Feinstein has also served on the Southern California Association of Government's Energy & Environment Committee (1997–2004), Growth Visioning Task Force (2001–2004), Regional Comprehensive Plan Task Force (2004–2008) and Integrated Policy Task Force (2009–2010), as well as the Westside Council of Governments, Local Government Commission (California), California League of Cities, National League of Cities, U.S. Conference of Mayors and International Council for Local Environmental Initiatives (ICLEI).

Green Party roles and responsibilities

Feinstein has served in a variety of positions in the Green Party, on the local, county, state, national, international and global level. He's been elected to ten two-year terms (in ten tries) on the County Council of the Green Party of Los Angeles County since 1992, and served as its Co-Coordinator from 2005-2006. He has also served multiple terms on the party's state Coordinating Committee, and served as its Co-coordinator from 2006-2008 and has served as a state party spokesperson since 2011.

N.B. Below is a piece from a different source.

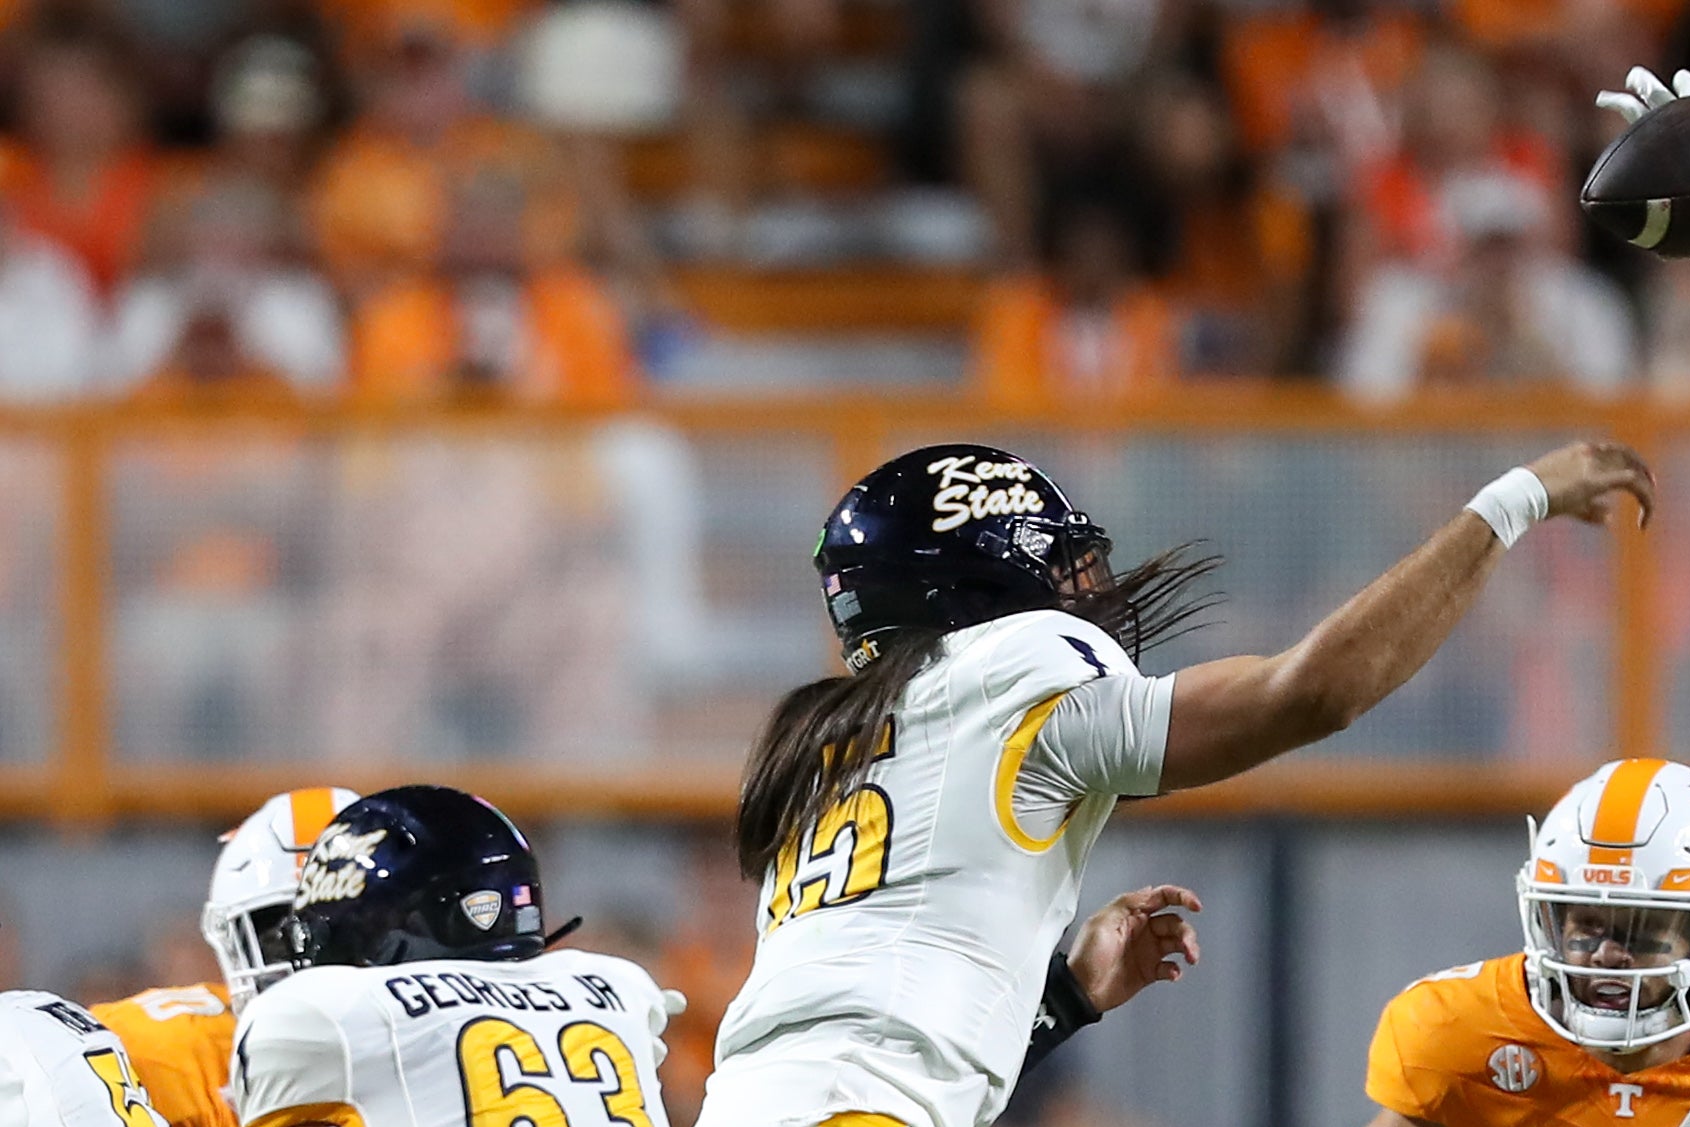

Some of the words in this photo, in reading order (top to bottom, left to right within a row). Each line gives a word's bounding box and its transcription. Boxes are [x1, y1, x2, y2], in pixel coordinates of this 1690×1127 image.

Feinstein was the founding and managing editor (1997–2001) of the national Green newspaper Green Pages, has been a GPCA delegate to the National Committee of the Green Party since 2007 and was a GPCA delegate to the 2000, 2004, 2008 and 2012 Green Party Presidential Nominating Conventions. In 2009 he was elected to a two-year term as one of seven co-chairs of the Green party of the United States.

Internationally, Feinstein has twice served (2001, 2008) as a GPUS delegate to Congresses of the Global Greens, the global network of Green parties and political movements. He was the founding webmaster of the Global Greens website in 2002 and today is its Content Development Manager.

Media/publishing

From 1989 to 1995, Feinstein was co-host of "Green Perspectives", on Pacifica Radio station KPFK, Los Angeles, which was created by the Green Radio Collective. In 1992, he edited a collection of European Greens writings, the 684-page "16 Weeks with European Greens: Interviews, Impressions, Platforms and Personalities." Feinstein's YouTube channel has a large collection of Green Party videos. Currently Feinstein writes a column called Inside/Outside on local politics for the Santa Monica Daily Press.

References

External links
Michael Feinstein's Home Page
Michael Feinstein's GPUS Steering Committee Profile

California Greens
Mayors of Santa Monica, California
Green Party of the United States chairs
American democracy activists
American environmentalists
Anti-corporate activists
Living people
Activists from California
Year of birth missing (living people)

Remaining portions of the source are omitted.